**Data extracts:**
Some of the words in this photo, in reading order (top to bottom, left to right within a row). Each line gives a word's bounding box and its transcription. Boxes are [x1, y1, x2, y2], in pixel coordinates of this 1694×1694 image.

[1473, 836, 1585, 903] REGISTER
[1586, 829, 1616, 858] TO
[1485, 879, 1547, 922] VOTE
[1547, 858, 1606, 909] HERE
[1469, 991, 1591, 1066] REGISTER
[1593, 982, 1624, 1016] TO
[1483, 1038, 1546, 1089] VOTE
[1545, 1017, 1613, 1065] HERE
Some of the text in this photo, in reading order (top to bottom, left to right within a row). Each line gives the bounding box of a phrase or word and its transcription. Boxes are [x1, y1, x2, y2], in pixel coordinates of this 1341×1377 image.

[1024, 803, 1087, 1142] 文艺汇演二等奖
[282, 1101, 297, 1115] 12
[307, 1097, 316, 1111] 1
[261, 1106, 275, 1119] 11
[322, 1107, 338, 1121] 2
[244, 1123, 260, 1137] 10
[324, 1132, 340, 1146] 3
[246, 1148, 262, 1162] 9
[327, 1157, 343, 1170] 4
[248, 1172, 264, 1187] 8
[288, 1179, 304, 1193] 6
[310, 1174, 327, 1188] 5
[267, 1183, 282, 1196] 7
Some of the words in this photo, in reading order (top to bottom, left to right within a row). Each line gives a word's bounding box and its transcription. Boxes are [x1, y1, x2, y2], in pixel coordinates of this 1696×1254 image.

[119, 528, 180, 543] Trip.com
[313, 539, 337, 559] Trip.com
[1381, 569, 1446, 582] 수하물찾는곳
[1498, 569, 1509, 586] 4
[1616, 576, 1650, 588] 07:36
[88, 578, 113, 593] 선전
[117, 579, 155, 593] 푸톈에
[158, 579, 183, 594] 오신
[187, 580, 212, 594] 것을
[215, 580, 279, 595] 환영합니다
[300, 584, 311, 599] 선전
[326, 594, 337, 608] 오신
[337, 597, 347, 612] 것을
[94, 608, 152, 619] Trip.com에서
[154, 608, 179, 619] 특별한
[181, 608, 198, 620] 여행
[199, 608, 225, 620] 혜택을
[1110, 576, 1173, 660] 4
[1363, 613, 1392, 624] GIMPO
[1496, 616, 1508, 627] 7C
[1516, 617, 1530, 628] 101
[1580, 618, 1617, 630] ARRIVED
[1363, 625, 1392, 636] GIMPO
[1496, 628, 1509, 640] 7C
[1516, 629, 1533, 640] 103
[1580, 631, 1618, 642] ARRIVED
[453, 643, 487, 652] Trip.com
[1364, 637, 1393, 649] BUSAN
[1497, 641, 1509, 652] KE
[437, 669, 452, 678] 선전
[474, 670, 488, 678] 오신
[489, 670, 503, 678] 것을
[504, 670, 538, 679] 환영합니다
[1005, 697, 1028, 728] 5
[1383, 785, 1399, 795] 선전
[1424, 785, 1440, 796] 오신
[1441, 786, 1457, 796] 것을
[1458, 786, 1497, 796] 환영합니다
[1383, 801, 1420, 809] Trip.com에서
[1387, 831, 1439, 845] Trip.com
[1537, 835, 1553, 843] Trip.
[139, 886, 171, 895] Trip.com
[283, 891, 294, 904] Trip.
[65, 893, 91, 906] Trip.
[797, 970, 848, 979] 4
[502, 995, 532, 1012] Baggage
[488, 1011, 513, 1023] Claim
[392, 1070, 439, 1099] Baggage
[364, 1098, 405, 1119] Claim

**Work order:**
Return the records exactly, character for character.

**Response:**
Some of the words in this photo, in reading order (top to bottom, left to right within a row). Each line gives a word's bounding box and its transcription. Boxes are [x1, y1, x2, y2], in pixel coordinates of this 1694×1694 image.

[1473, 836, 1585, 903] REGISTER
[1586, 829, 1616, 858] TO
[1485, 879, 1547, 922] VOTE
[1547, 858, 1606, 909] HERE
[1469, 991, 1591, 1066] REGISTER
[1593, 982, 1624, 1016] TO
[1483, 1038, 1546, 1089] VOTE
[1545, 1017, 1613, 1065] HERE
Some of the text in this photo, in reading order (top to bottom, left to right within a row). Each line gives the bounding box of a phrase or word and its transcription. Boxes are [x1, y1, x2, y2], in pixel coordinates of this 1341×1377 image.

[1024, 803, 1087, 1142] 文艺汇演二等奖
[282, 1101, 297, 1115] 12
[307, 1097, 316, 1111] 1
[261, 1106, 275, 1119] 11
[322, 1107, 338, 1121] 2
[244, 1123, 260, 1137] 10
[324, 1132, 340, 1146] 3
[246, 1148, 262, 1162] 9
[327, 1157, 343, 1170] 4
[248, 1172, 264, 1187] 8
[288, 1179, 304, 1193] 6
[310, 1174, 327, 1188] 5
[267, 1183, 282, 1196] 7
Some of the words in this photo, in reading order (top to bottom, left to right within a row). Each line gives a word's bounding box and its transcription. Boxes are [x1, y1, x2, y2], in pixel coordinates of this 1696×1254 image.

[119, 528, 180, 543] Trip.com
[313, 539, 337, 559] Trip.com
[1381, 569, 1446, 582] 수하물찾는곳
[1498, 569, 1509, 586] 4
[1616, 576, 1650, 588] 07:36
[88, 578, 113, 593] 선전
[117, 579, 155, 593] 푸톈에
[158, 579, 183, 594] 오신
[187, 580, 212, 594] 것을
[215, 580, 279, 595] 환영합니다
[300, 584, 311, 599] 선전
[326, 594, 337, 608] 오신
[337, 597, 347, 612] 것을
[94, 608, 152, 619] Trip.com에서
[154, 608, 179, 619] 특별한
[181, 608, 198, 620] 여행
[199, 608, 225, 620] 혜택을
[1110, 576, 1173, 660] 4
[1363, 613, 1392, 624] GIMPO
[1496, 616, 1508, 627] 7C
[1516, 617, 1530, 628] 101
[1580, 618, 1617, 630] ARRIVED
[1363, 625, 1392, 636] GIMPO
[1496, 628, 1509, 640] 7C
[1516, 629, 1533, 640] 103
[1580, 631, 1618, 642] ARRIVED
[453, 643, 487, 652] Trip.com
[1364, 637, 1393, 649] BUSAN
[1497, 641, 1509, 652] KE
[437, 669, 452, 678] 선전
[474, 670, 488, 678] 오신
[489, 670, 503, 678] 것을
[504, 670, 538, 679] 환영합니다
[1005, 697, 1028, 728] 5
[1383, 785, 1399, 795] 선전
[1424, 785, 1440, 796] 오신
[1441, 786, 1457, 796] 것을
[1458, 786, 1497, 796] 환영합니다
[1383, 801, 1420, 809] Trip.com에서
[1387, 831, 1439, 845] Trip.com
[1537, 835, 1553, 843] Trip.
[139, 886, 171, 895] Trip.com
[283, 891, 294, 904] Trip.
[65, 893, 91, 906] Trip.
[797, 970, 848, 979] 4
[502, 995, 532, 1012] Baggage
[488, 1011, 513, 1023] Claim
[392, 1070, 439, 1099] Baggage
[364, 1098, 405, 1119] Claim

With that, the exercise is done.